Nicole KRAUSE, University of Wisconsin - Madison, United States
Shiyu YANG, University of Wisconsin - Madison, United States
Luye BAO, University of Wisconsin - Madison, United States
Todd NEWMANN, University of Wisconsin - Madison, United States
Dominique BROSSARD, University of Wisconsin - Madison, United States
Mikhaila CALICE, University of Wisconsin - Madison, United States
AI has changed the way scientists make genetic edits; it has infiltrated our daily lives through the internet of things; and it is being used by law enforcement agencies to fight crime. Many of the societal questions raised in its wake cannot be answered by science. Who or what will govern this technology? How do we prevent inevitable biases in how the technology is developed and applied? And how do we avoid unintended consequences such as predictive policing exacerbating racial profiling?
When navigating emerging and complex issues like AI, non-expert audiences rely on different sets of trusted actors to guide their views. Using a nationally representative survey conducted in the United States in February and March of 2020 (n = 2,700; completion rate: 41.3%), we analyze the relationships among trust in different institutions and individuals’ AI-related attitudes, beliefs, and perceptions.
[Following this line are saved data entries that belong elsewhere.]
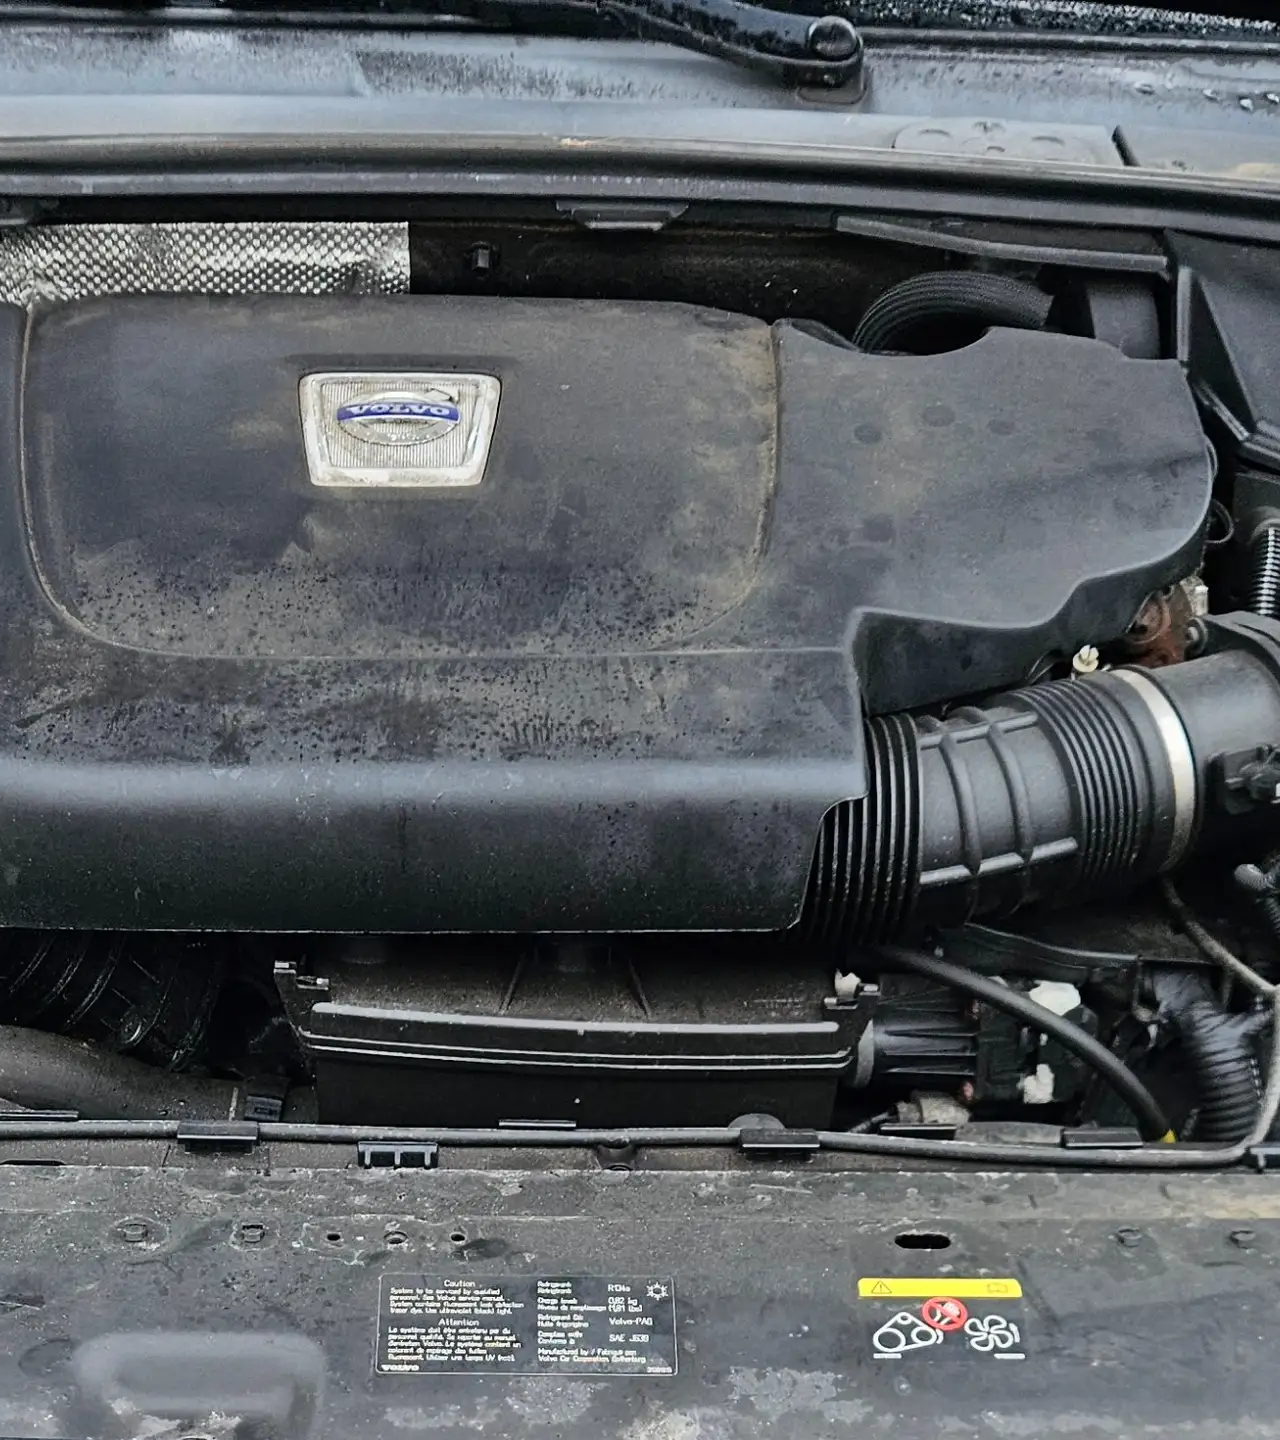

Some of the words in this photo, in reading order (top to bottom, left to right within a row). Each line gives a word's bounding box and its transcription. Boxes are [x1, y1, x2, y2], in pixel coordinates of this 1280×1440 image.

[346, 403, 451, 416] VOLVO
[444, 1280, 476, 1288] Caution
[438, 1318, 480, 1326] Attention
[609, 1333, 626, 1342] SAE
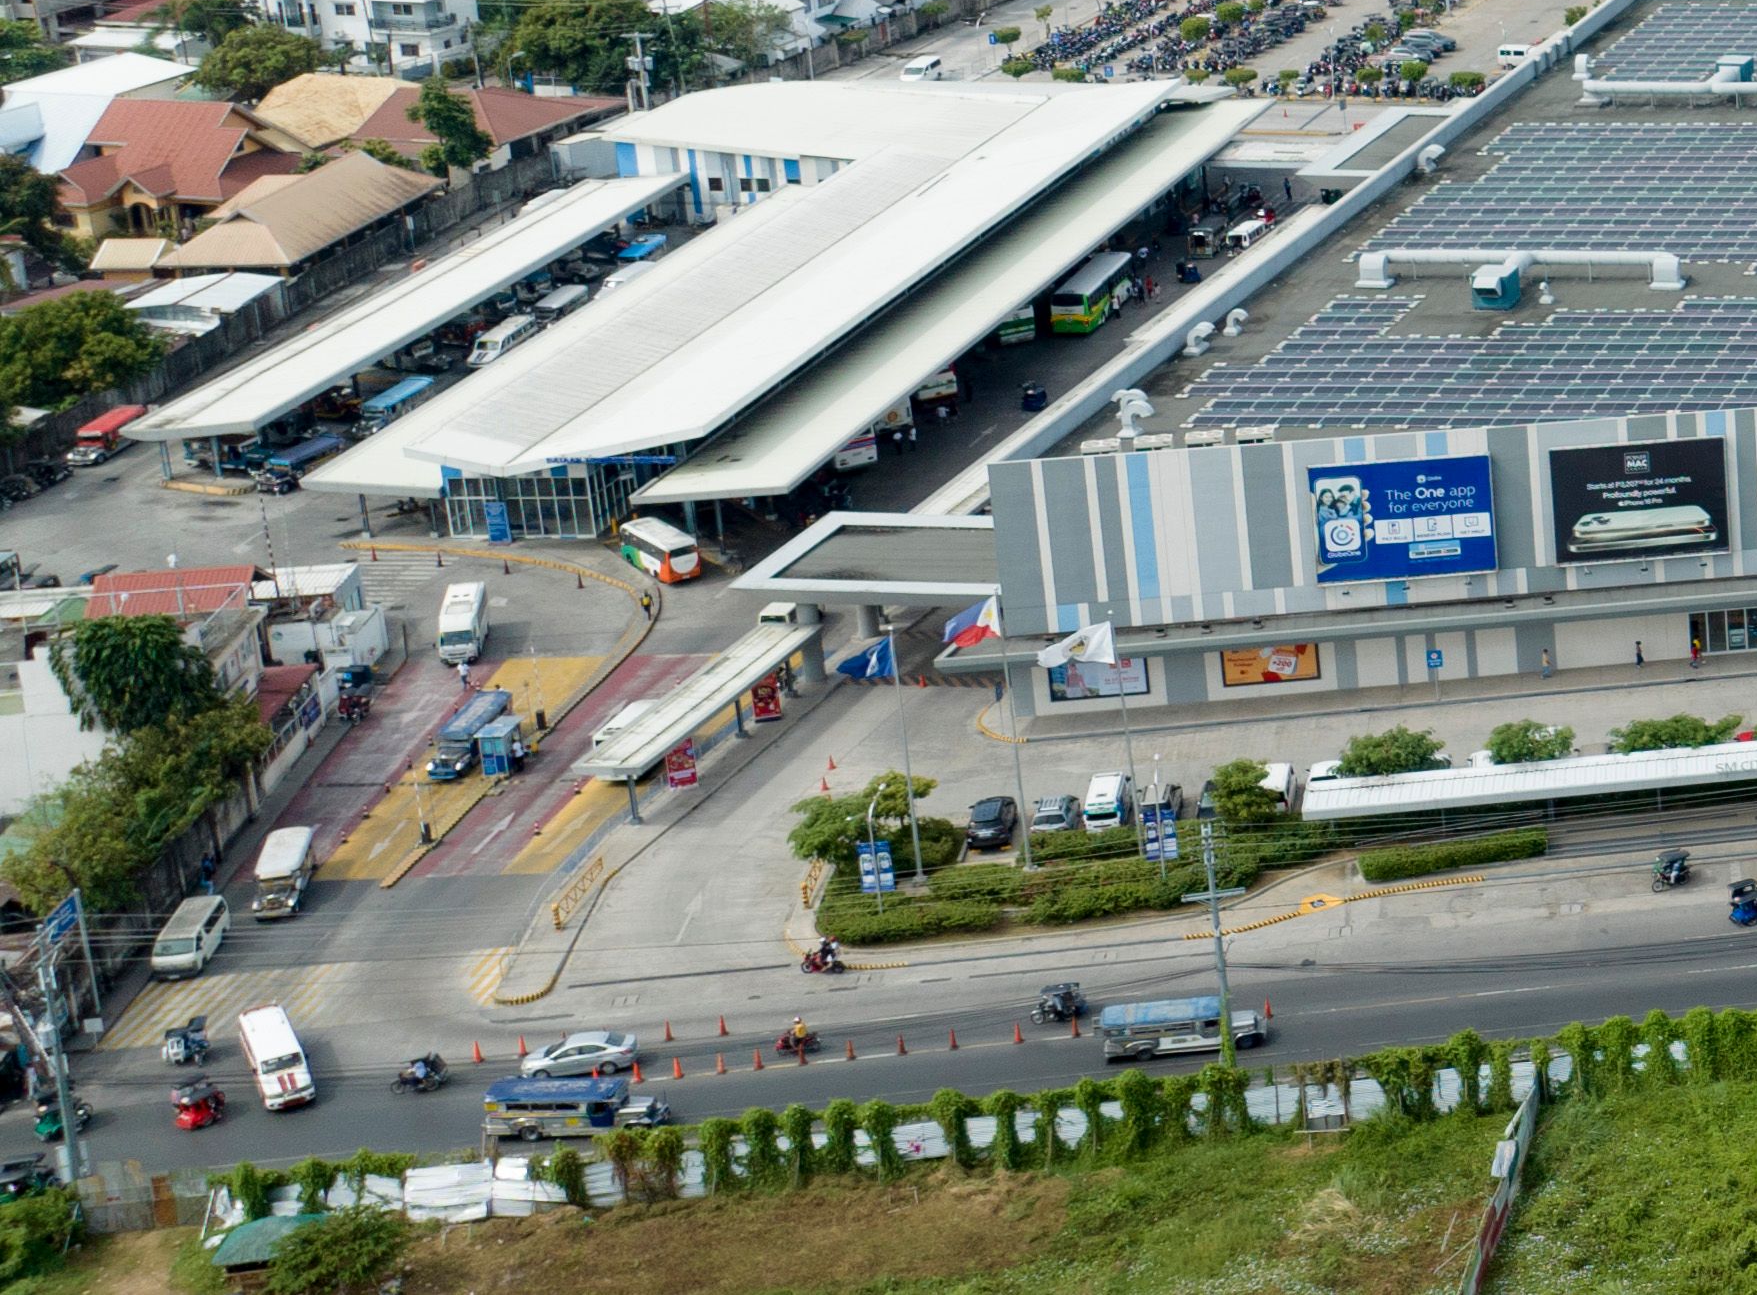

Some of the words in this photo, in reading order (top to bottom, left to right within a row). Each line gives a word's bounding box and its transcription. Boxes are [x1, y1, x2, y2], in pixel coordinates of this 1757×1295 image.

[1384, 489, 1412, 500] The
[1415, 487, 1445, 499] One
[1449, 485, 1476, 498] app
[1388, 502, 1408, 514] for
[1412, 499, 1474, 513] everyone
Our results show that trust in scientists and tech regulators operates in the expected, positive ways on support for AI. However, extending existing work on the interplay between trust and ideology in shaping science-related attitudes and beliefs, we also test several hypotheses related to nascent politicization of AI in ongoing US media narratives. In particular, we expect that public trust in certain institutions will play a mediating role in their support for AI, and that the mediating effect of trust will be further moderated by political views.
These expectations are driven by recent developments. First, as reports of discrimination linked to AI-driven policing and hiring practices have surfaced, US Congresspeople have proposed legislation to counteract AI risks. Notably, these proposals were introduced by Democrats (left-leaning party), and, as of this writing in February 2021, they don’t enjoy a single Republican co-sponsor (right-leaning party). Second, Republicans have long advanced media narratives that cast “Big Tech” as politically liberal and biased against conservatives, possibly undermining trust in tech companies and products like AI.
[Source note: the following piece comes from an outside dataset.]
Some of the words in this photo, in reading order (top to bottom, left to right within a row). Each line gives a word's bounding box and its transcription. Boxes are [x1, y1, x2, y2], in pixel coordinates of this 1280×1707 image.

Nascent politicization of this kind is worrisome, given that partisan divides over other issues at the intersection of science and risk—most notably climate change—have inhibited policymaking and responsive action, and have exacerbated polarization in the US electorate. Our research begins to address the possibility that a similar phenomenon is occurring with AI.
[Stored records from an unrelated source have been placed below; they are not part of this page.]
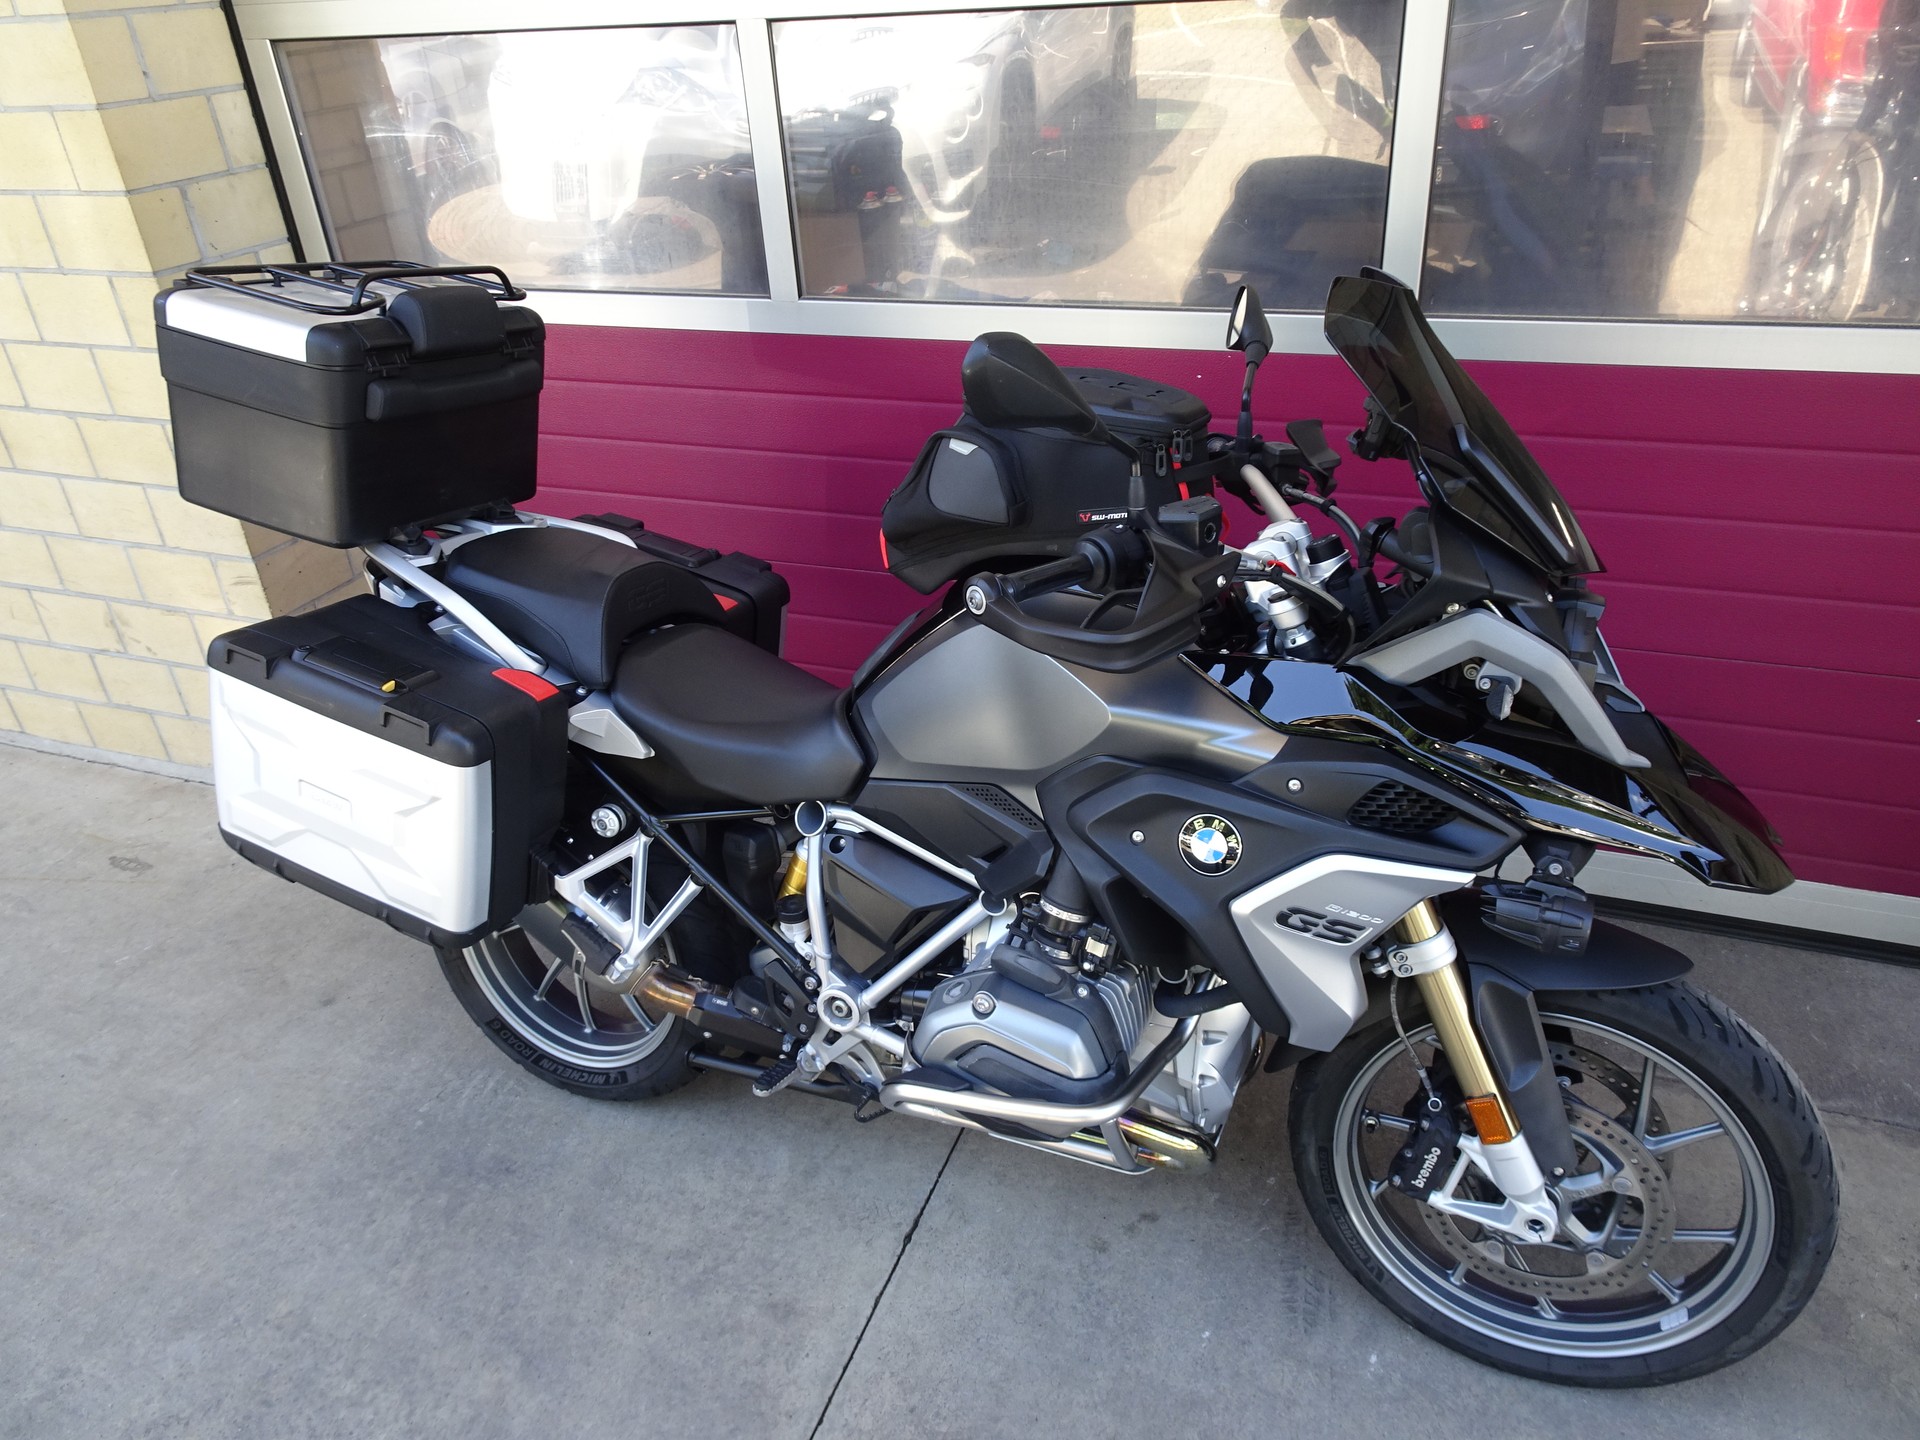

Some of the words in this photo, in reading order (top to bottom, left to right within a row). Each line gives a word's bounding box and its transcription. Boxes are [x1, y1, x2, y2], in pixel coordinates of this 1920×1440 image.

[1193, 818, 1239, 850] BMW
[1274, 906, 1367, 944] GS
[499, 1029, 534, 1059] ROAD
[538, 1057, 606, 1086] MICHELIN
[1411, 1146, 1441, 1189] brembo
[1329, 1204, 1369, 1259] MICHELIN
Our results suggest that public opinion is indeed mapping, at least to some extent, onto politicized narratives, revealing an interplay between political ideology and trust on support for AI. For example, among people who have high trust in technology companies, we find that political ideology doesn't really affect support. However, for individuals who have moderate or low trust in tech companies, political ideology does matter, with conservatives supporting AI less. We discuss these and other findings and elaborate on implications for the future of AI.